Immersive fan experiences aren’t just virtually putting fans on the court, but are also increasingly using technology to broadcast the athlete’s experience on the court into living rooms. For athletes, it means wearing devices like Google Glass as they pancake a 300-pound defensive end or chase down a Federer volley.

This past March, former Minnesota Vikings punter Chris Kluwe gave a preview of the experience in a TED Talk calling for the use of augmented reality in football. In it, he showed himself being tackled while wearing the headset.

“Fans want that experience,” Kluwe said. “Fans want to be on that field. They want to be their favorite players, and they’ve already talked to me on YouTube, they’ve talked to me on Twitter, saying, ‘Hey, can you get this on a quarterback? Can you get this on a running back?’”

It isn’t just football. The Sacramento Kings were outfitted with wearable cameras for a shootaround earlier this year and one techie wore a pair on the ice for an amateur hockey game.

But before the tough guys bring it to the field for game play, the technology will debut on the sidelines.
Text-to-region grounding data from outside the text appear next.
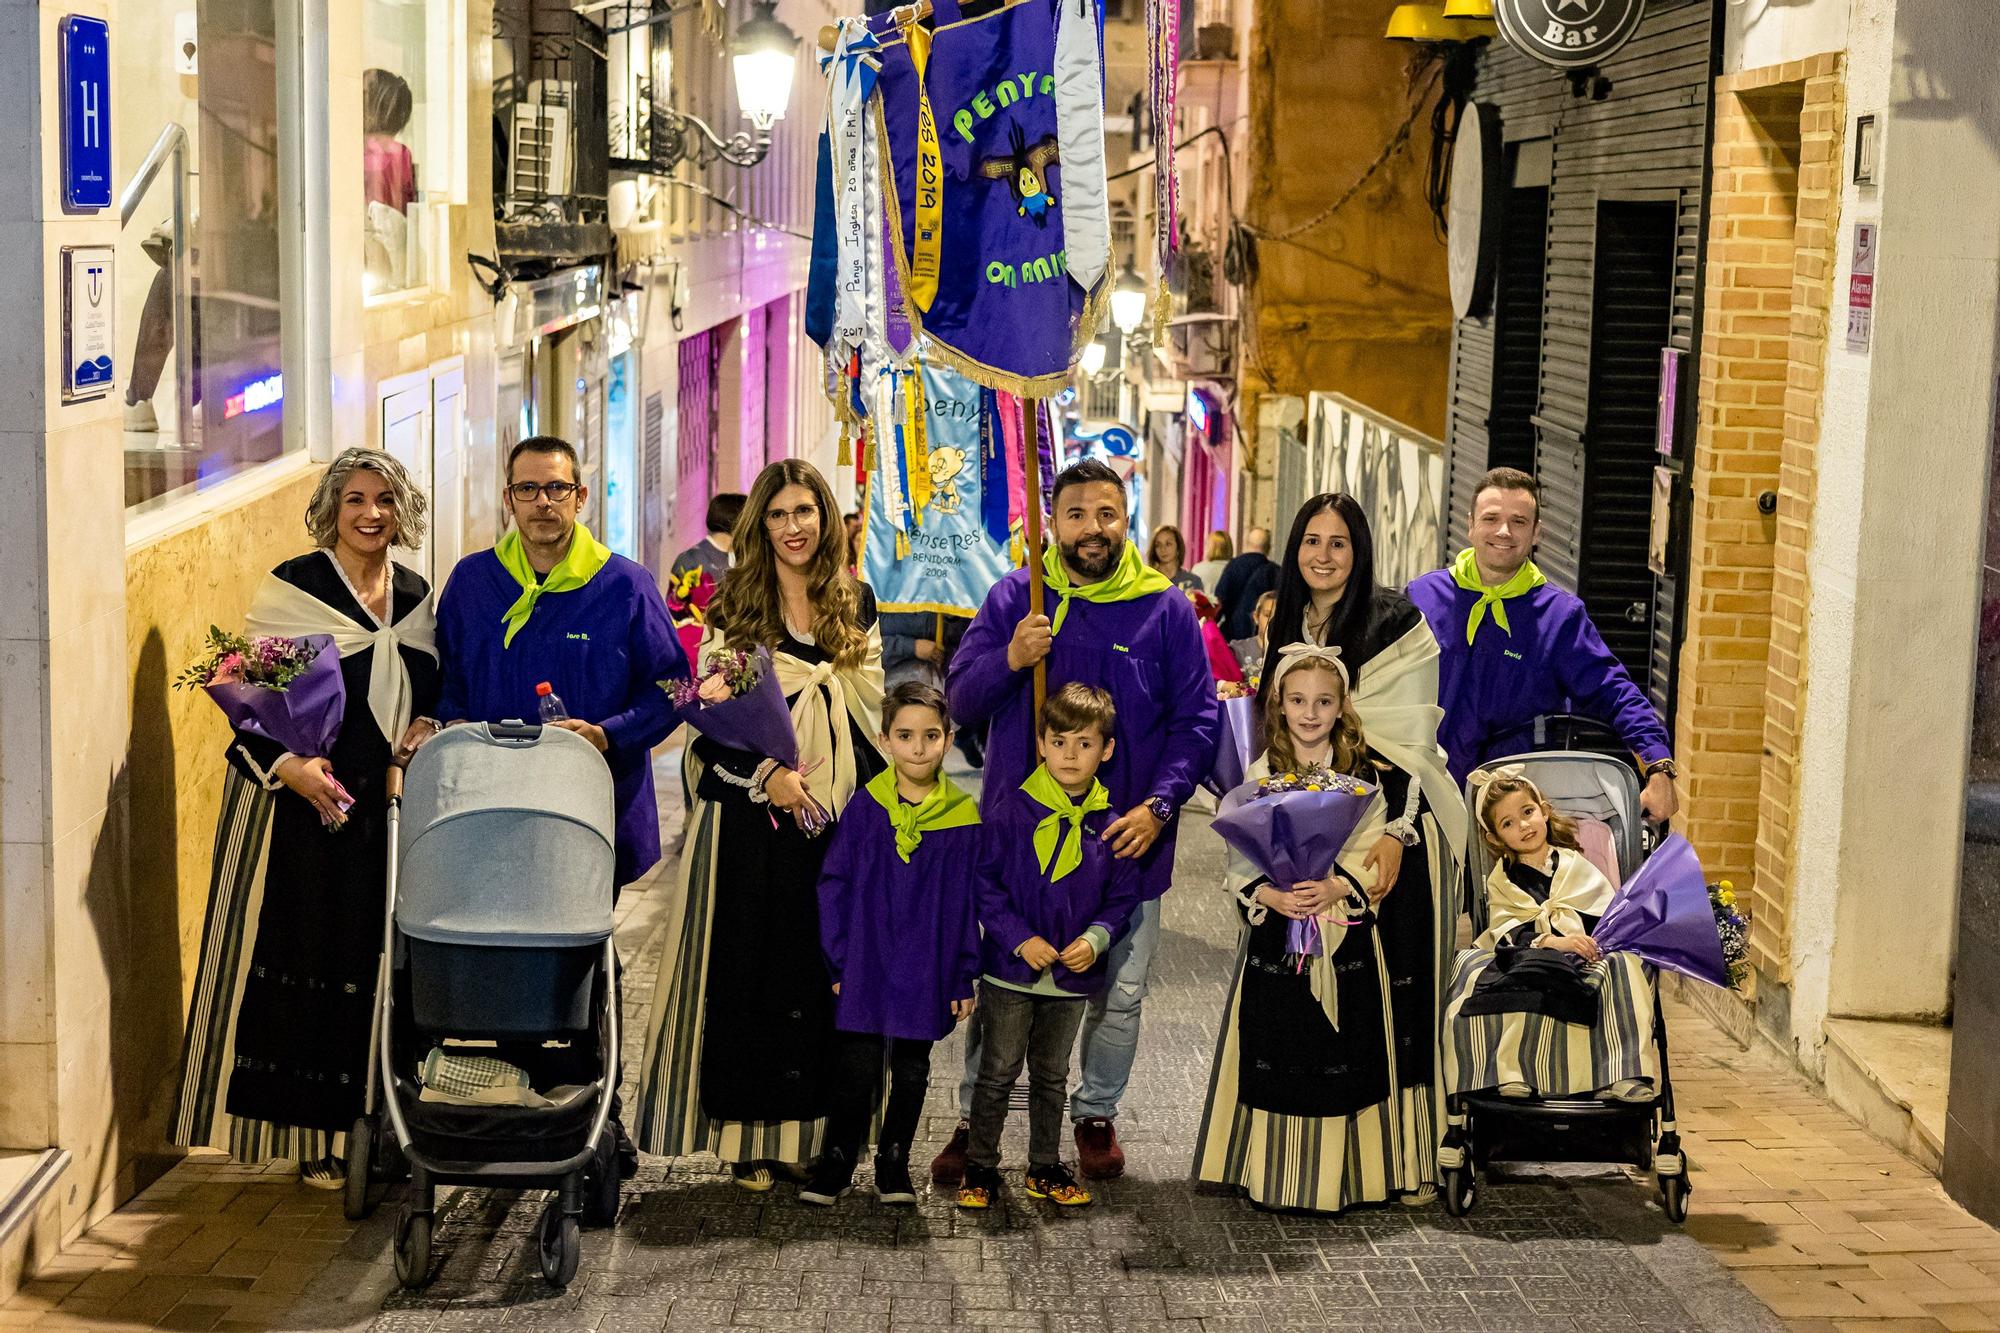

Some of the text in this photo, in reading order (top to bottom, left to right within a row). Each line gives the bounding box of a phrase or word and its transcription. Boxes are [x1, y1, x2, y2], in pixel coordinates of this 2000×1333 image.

[1543, 20, 1598, 47] Bar
[80, 80, 99, 148] H
[848, 147, 857, 172] años
[985, 162, 1014, 174] FESTES
[848, 177, 857, 193] 20
[919, 152, 937, 209] 2019
[845, 204, 861, 248] Inglesa
[845, 258, 863, 293] Penya
[1850, 279, 1871, 295] Alarma
[843, 326, 863, 338] 2017
[913, 552, 961, 567] BENIDORM
[925, 568, 948, 577] 2008
The Philadelphia Eagles plan to outfit the team’s cheerleaders with Google Glass this season and pair it with technology that can take streams from multiple sources and then display the views on the scoreboard.

For the sports fan, it presents a whole new understanding of what it means to be in the game. Soon you can be pressured into coughing up the puck in your own zone from your own home or feel the joy of seeing a ball sail almost 60 yards through the uprights to win a game. Certainly, it’s going to be harder to a mouthy Monday morning quarterback when you know what it feels like to get blindsided and lose the ball. Virtually, at least.